基于机器学习的数据库多表连接顺序选择研究综述

王浩*(), 高锦涛, 王杰   

  1. 宁夏大学信息工程学院,宁夏 银川 750021
  • 收稿日期:2023-11-10 出版日期:2025-07-15 发布日期:2025-07-14
  • 通讯作者: 王浩
  • 基金资助:
    国家自然科学基金(62102201); 宁夏回族自治区自然科学基金(2022AAC05010); 宁夏回族自治区自然科学基金(2021BEB04054); 宁夏回族自治区自然科学基金(2021AAC03034)

Review of Multi-table Join Order Selection in Databases Based on Machine Learning

WANG Hao*(), GAO Jintao, WANG Jie   

  1. School of Information Engineering, Ningxia University, Yinchuan 750021, Ningxia, China
  • Received:2023-11-10 Online:2025-07-15 Published:2025-07-14
  • Contact: WANG Hao

摘要:

多表连接顺序选择是指在进行查询优化时为查询语句中涉及的多个表选择最优的连接顺序以提升查询性能。在复杂查询中,不同的表连接顺序能够显著影响查询执行效率。在大数据时代,面对庞大的数据集、多样的应用环境以及复杂的查询语句,基于启发式规则的传统多表连接顺序算法无法根据环境动态适应和自我学习,缺乏泛化能力,因此选择次优的多表连接顺序,甚至会严重影响查询性能。随着机器学习技术的蓬勃发展,面向数据库的人工智能(AI4DB)技术逐渐引领查询优化领域。机器学习技术能够解决传统连接顺序选择算法存在的问题,在自我学习以及场景适应方面具有较好表现。首先介绍连接顺序的传统选择算法,挖掘其存在的问题,然后总结当前主流的针对多表连接的机器学习模型,并分别介绍它们的核心技术方案,在效果、可用场景等方面对它们进行横向对比,为该领域后续科研工作者提供有价值的参考。

关键词: 数据库, 查询优化, 机器学习, 连接顺序, 面向数据库的人工智能

Abstract:

Multi-table join order selection refers to the process of determining the optimal join sequence among the tables involved in a query during query optimization, to improve execution performance. In complex queries, different join orders can significantly affect query efficiency. In the era of big data, traditional join order selection algorithms, which typically based on heuristic rules, are challenged by massive datasets, diverse application scenarios, and complex query workloads. Their inability to dynamically adapt to environmental changes or to self-improve through learning affects the generalizability of these models, often resulting in suboptimal join orders that can severely degrade query performance. With the rapid advancement of machine learning, Artificial Intelligence for Databases (AI4DB) has emerged as a transformative approach to query optimization. Machine learning-based techniques address the limitations of traditional methods by enabling self-learning and context-aware adaptations.

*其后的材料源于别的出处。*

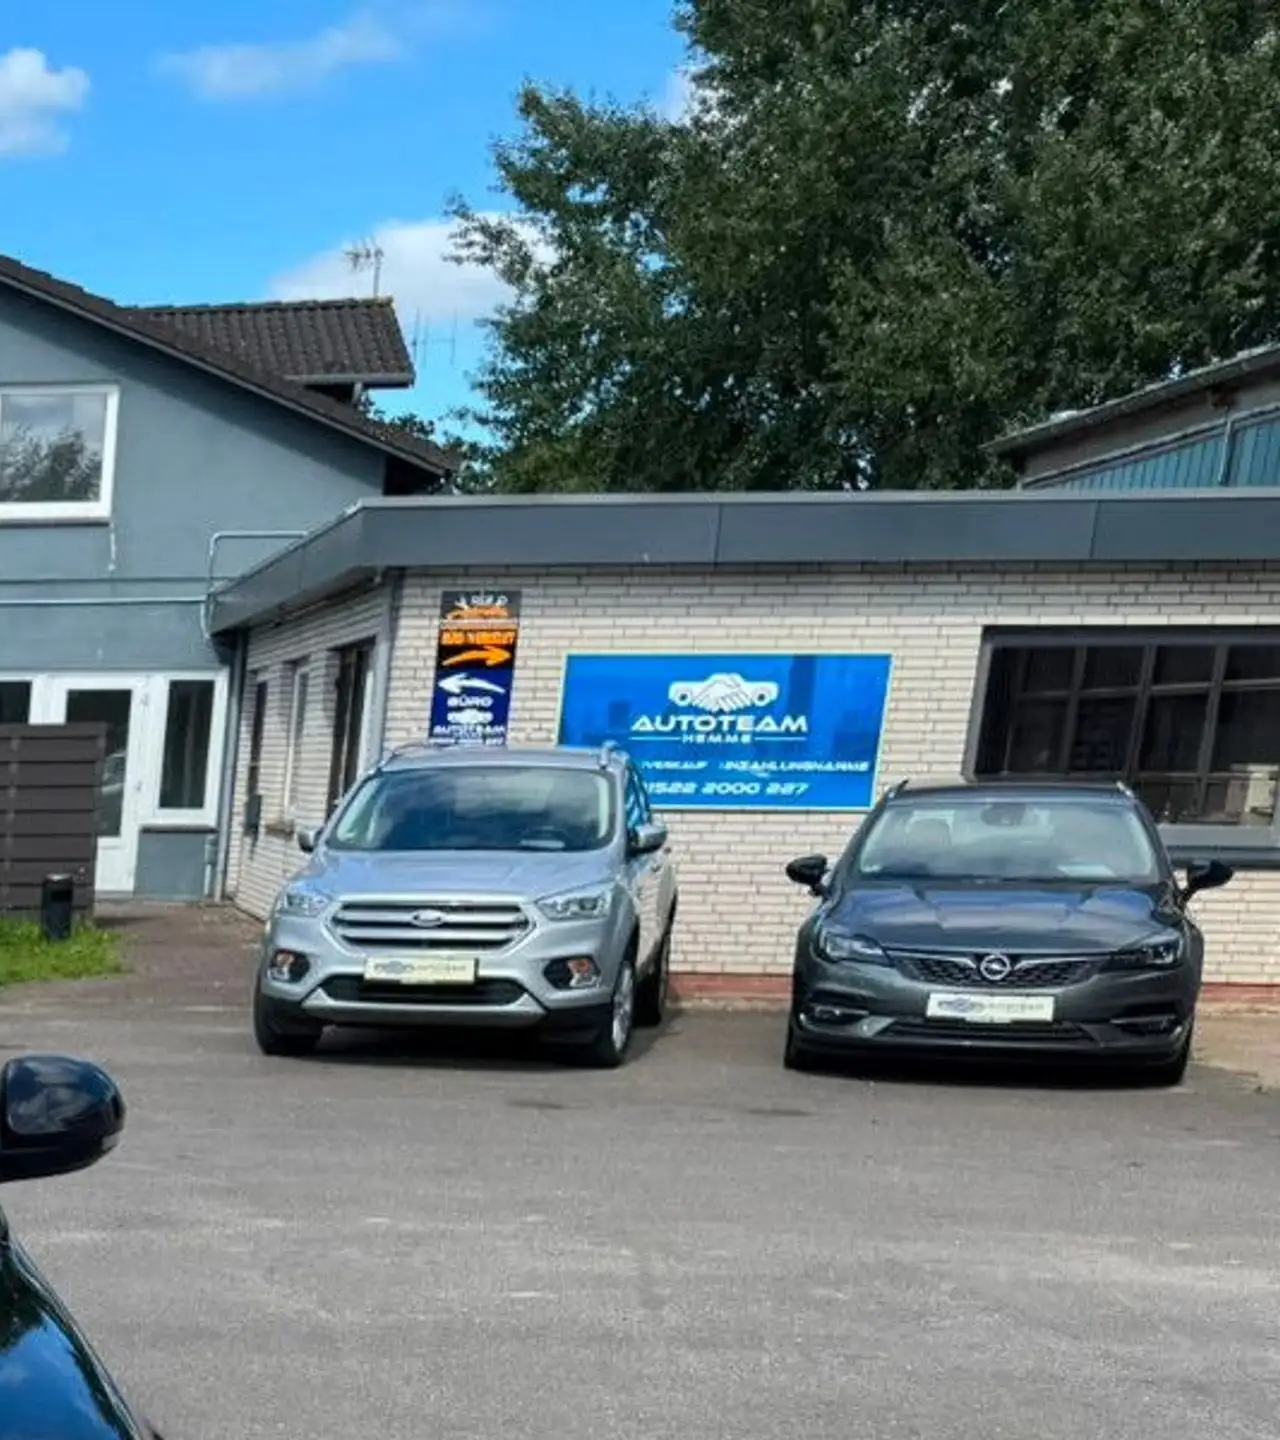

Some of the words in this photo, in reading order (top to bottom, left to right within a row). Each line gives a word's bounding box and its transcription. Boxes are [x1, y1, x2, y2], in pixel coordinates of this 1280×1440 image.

This study first reviews classical join order selection algorithms and then analyzes their inherent limitations. Next, state-of-the-art machine learning models for multi-table join optimization are systematically summarized, detailing their core technical designs. A comparative analysis is provided in terms of effectiveness and applicable scenarios, offering valuable insights for future research in this field.

Key words: database, query optimization, machine learning, join order, Artificial Intelligence for Databases (AI4DB)